Mas a sua bravura igualava a brandura do seu coração, perante o encanto de uma mulher.

Pois, ao apaixonar-se, aquebrantava-se-lhe o ímpeto guerreiro, entregue, unicamente, à doçura do amor.

Caçador infatigável, ocupava as suas madrugadas perseguindo, no monte áspero da Labruja, o rasto do urso, que por esses tempos habitava aquelas selvas, feroz e traiçoeiro.

Um dia, porém, surgiu-lhe, pela frente, ululante, uma alcateia de lobos famintos e ameaçadores.

Não se temeu dela D. Afonso. Tomou o arco e disparou uma flecha certeira, atingindo, entre os olhos de fogo, o chefe do bando, que o comandava à dianteira.

O animal ferido soltou um uivo medonho e desapareceu numa brecha entre dois altos penedos, seguido pelos companheiros.

Quis o fidalgo ir-lhes no enlace, esporeando, com fúria, os flancos do seu ginete aterrorizado.

Partiu o cavaleiro numa corrida desenfreada.

Mas o cavalo, cego de dor e de medo, foi chocar com a dureza dos penedos, derrubando D. Afonso, que ali quedou desmaiado.

Quando o senhor de Refojos abriu, por fim, os olhos, viu-se deitado numa vasta gruta recoberta de peles de corça, assistido por uma dama formosíssima, que tinha, aos pés, com a mansidão de um cordeiro, o lobo alvejado pela sua flecha.

Perguntou-lhe D. Afonso quem era e por que se encontrava naquele misterioso lugar, na companhia perigosa de uma fera.

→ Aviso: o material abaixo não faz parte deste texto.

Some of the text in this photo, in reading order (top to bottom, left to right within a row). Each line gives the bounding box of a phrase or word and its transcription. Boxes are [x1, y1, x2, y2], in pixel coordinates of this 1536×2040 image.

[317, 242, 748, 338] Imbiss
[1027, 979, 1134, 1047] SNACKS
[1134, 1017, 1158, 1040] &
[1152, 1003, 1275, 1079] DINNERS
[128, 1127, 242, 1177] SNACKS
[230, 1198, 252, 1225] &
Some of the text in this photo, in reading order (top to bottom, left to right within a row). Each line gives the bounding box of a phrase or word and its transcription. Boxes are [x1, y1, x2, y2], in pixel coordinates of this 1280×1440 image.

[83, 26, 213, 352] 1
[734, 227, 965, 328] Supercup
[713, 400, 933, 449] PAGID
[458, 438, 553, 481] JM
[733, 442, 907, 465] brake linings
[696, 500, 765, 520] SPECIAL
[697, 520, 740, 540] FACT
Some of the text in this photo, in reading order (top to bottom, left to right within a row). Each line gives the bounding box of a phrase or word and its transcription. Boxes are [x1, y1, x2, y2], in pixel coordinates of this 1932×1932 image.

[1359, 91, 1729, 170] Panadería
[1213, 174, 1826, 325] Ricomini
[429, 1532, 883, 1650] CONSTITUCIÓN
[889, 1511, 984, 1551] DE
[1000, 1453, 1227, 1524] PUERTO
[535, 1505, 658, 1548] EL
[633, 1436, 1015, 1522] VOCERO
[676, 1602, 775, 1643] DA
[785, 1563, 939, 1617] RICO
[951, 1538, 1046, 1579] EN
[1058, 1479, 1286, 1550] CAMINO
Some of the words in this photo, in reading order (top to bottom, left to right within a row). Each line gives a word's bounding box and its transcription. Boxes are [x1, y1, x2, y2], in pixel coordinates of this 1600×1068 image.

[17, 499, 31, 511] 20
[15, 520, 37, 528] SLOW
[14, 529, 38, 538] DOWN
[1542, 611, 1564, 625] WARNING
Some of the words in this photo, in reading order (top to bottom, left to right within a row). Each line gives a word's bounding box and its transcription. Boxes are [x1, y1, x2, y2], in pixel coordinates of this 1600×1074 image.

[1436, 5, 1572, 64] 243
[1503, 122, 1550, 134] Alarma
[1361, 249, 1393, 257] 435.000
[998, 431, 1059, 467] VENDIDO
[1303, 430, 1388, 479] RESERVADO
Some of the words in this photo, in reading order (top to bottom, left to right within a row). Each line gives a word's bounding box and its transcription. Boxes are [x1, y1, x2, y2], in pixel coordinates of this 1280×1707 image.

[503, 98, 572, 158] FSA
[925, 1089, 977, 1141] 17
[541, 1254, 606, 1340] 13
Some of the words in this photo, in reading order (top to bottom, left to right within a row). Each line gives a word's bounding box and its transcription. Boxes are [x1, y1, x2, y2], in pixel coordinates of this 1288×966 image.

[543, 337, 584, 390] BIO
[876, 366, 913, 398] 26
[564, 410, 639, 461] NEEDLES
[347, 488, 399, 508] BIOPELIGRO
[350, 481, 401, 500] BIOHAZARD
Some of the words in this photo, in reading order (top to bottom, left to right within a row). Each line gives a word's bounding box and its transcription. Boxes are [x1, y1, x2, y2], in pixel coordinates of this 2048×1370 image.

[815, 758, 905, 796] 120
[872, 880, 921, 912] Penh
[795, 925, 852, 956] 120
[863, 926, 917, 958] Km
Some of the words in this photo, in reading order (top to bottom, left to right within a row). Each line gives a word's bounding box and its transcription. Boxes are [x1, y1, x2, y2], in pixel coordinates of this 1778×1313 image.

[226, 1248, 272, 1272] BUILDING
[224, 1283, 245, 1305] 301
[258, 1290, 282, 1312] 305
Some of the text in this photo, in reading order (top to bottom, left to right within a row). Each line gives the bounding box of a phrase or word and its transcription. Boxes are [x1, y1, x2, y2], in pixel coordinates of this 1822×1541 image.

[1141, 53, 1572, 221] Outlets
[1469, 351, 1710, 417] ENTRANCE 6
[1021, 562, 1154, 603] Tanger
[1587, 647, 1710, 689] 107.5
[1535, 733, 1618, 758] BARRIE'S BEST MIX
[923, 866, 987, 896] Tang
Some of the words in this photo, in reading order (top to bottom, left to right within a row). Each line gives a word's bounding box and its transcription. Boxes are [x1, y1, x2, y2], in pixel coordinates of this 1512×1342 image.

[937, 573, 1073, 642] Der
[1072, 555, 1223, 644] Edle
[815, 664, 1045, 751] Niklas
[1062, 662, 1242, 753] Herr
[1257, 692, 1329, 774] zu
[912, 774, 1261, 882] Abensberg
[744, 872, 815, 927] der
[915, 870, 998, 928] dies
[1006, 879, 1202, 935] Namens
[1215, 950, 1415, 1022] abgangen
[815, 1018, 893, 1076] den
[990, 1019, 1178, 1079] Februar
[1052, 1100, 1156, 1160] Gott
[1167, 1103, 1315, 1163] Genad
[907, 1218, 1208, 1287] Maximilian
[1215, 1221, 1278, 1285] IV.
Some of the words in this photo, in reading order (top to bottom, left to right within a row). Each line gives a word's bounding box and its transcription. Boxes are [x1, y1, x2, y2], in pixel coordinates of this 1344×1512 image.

Ouviu-lhe, então, com espanto, a história do que lhe havia acontecido e do que lhe estava a acontecer:

Última das sete filhas de um casal de nobres pergaminhos, os pais haviam-se esquecido de lhe dar por madrinha uma das seis irmãs, condenando-a, assim, a um destino maldito:

Quando a Lua Cheia ilumina as noites limianas, ela transforma-se em pieira de lobos, (pastora de lobos), vagueando, com eles, pelo escuro das brenhas, pelos fundos fojos das montanhas, vendo-lhes a fauce sangrenta de abocanhar as presas, os olhos coruscantes.

Mas, nesse dia, completava-se o sétimo ano da sua condenação, quando o amor de um homem a podia restituir à liberdade, à paz de uma vida normal.

Por certo, D. Afonso era esse homem que a salvaria de fado tão cruento, concedendo-lhe a desejada felicidade.

Mas não era.

O cavaleiro, embora fascinado pela beleza da jovem, julgou-se diante de uma impostora, de alguém que lhe cobiçava o nome e a fortuna, inventando uma história fantástica para o seduzir.

Talvez uma dessas muitas comediantes que conhecera nas trupes teatrais, animadoras de serões dos paços, com seus trovadores, poetas e bailarinos, suas momices e entremezes.

Sim: com muitas dessas comediantes tivera amores passageiros, que lhe enfraqueciam os golpes de espada, no ardor do combate.

Não, não acreditava naquela falsa pieira de lobos, no artifício da gruta, no lobo submisso!

Tudo aquilo era, apenas, uma cilada ao seu coração sensível.

Com um gesto indignado afastou de si a embusteira.

Ai dele, porém!

A pieira de lobos falava verdade.

E, magoada com a dúvida de D. Afonso, logo nesse instante lhe lançou uma terrível maldição:

- Tal como eu, irás vaguear, durante milhares de anos, atrás de outros milhares, por todos estes vales e florestas, em noites de Lua Cheia, seguido por uma alcateia ululante!

Depois dos malfadados acontecimentos desse dia de caça, o fidalgo pouco durou com vida. Doou aos frades todas as suas terras de Refojos e morreu de uma doença desconhecida e fatal.

Escusado será dizer que, quando sobre a Lua Cheia no céu daquelas paragens, no espaço de um relâmpado, qualquer um pode avistar D. Afonso Ancemonde, hirto na sela do seu cavalo, galopando alucinadamente, seguido por uma alcateia ululante.

Onde vai? De onde vem?

Ninguém o saberá dizer.

Sabe-se, apenas, que esta visão, iluminada por um luar funéreo, irá assombrar os caminhos da Ribeira-Lima, durante milhares de anos, atrás de outros milhares.